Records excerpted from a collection
# # # # # # #
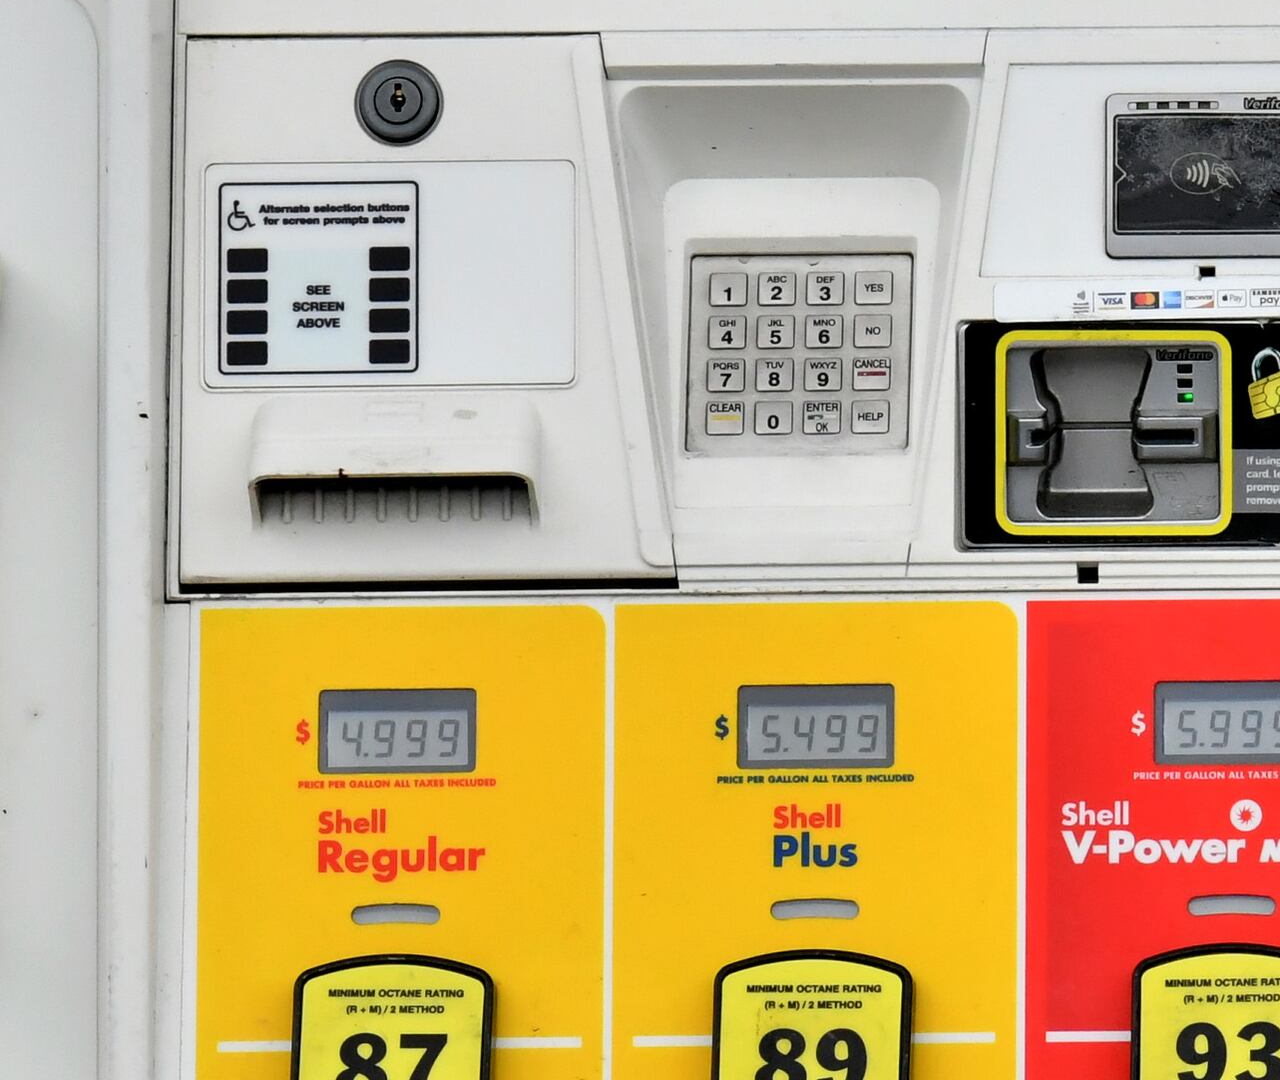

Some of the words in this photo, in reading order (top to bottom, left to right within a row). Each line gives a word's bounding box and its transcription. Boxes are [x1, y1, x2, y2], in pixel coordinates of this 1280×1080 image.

[306, 285, 330, 295] SEE
[724, 287, 732, 301] 1
[771, 286, 782, 300] 2
[819, 287, 831, 300] 3
[864, 284, 884, 292] YES
[293, 302, 344, 312] SCREEN
[297, 318, 340, 328] ABOVE
[721, 331, 733, 344] 4
[770, 331, 781, 344] 5
[818, 330, 830, 343] 6
[866, 327, 880, 335] NO
[854, 360, 891, 368] CANCEL
[720, 374, 732, 387] 7
[769, 373, 780, 386] 8
[817, 373, 828, 386] 9
[710, 404, 741, 412] CLEAR
[806, 403, 838, 412] ENTER
[768, 416, 779, 429] 0
[858, 413, 883, 421] HELP
[816, 423, 828, 432] OK
[1131, 710, 1146, 736] $
[296, 719, 310, 745] $
[342, 719, 460, 757] 4.999
[715, 715, 729, 739] $
[762, 714, 880, 753] 5.499
[773, 804, 841, 829] Shell
[1062, 801, 1129, 826] Shell
[318, 809, 386, 834] Shell
[773, 832, 857, 867] Plus
[1061, 830, 1246, 865] V-Power
[318, 836, 485, 882] Regular
[329, 989, 375, 997] MINIMUM
[378, 989, 421, 997] OCTANE
[335, 1032, 448, 1080] 87
[754, 1027, 868, 1080] 89
# # # # # # #
Would you write out all of the records exactly, omitting the pictures?

Some of the words in this photo, in reading order (top to bottom, left to right within a row). Each line gives a word's bounding box and its transcription. Boxes are [x1, y1, x2, y2], in pixel coordinates of this 1280×1080 image.

[306, 285, 330, 295] SEE
[724, 287, 732, 301] 1
[771, 286, 782, 300] 2
[819, 287, 831, 300] 3
[864, 284, 884, 292] YES
[293, 302, 344, 312] SCREEN
[297, 318, 340, 328] ABOVE
[721, 331, 733, 344] 4
[770, 331, 781, 344] 5
[818, 330, 830, 343] 6
[866, 327, 880, 335] NO
[854, 360, 891, 368] CANCEL
[720, 374, 732, 387] 7
[769, 373, 780, 386] 8
[817, 373, 828, 386] 9
[710, 404, 741, 412] CLEAR
[806, 403, 838, 412] ENTER
[768, 416, 779, 429] 0
[858, 413, 883, 421] HELP
[816, 423, 828, 432] OK
[1131, 710, 1146, 736] $
[296, 719, 310, 745] $
[342, 719, 460, 757] 4.999
[715, 715, 729, 739] $
[762, 714, 880, 753] 5.499
[773, 804, 841, 829] Shell
[1062, 801, 1129, 826] Shell
[318, 809, 386, 834] Shell
[773, 832, 857, 867] Plus
[1061, 830, 1246, 865] V-Power
[318, 836, 485, 882] Regular
[329, 989, 375, 997] MINIMUM
[378, 989, 421, 997] OCTANE
[335, 1032, 448, 1080] 87
[754, 1027, 868, 1080] 89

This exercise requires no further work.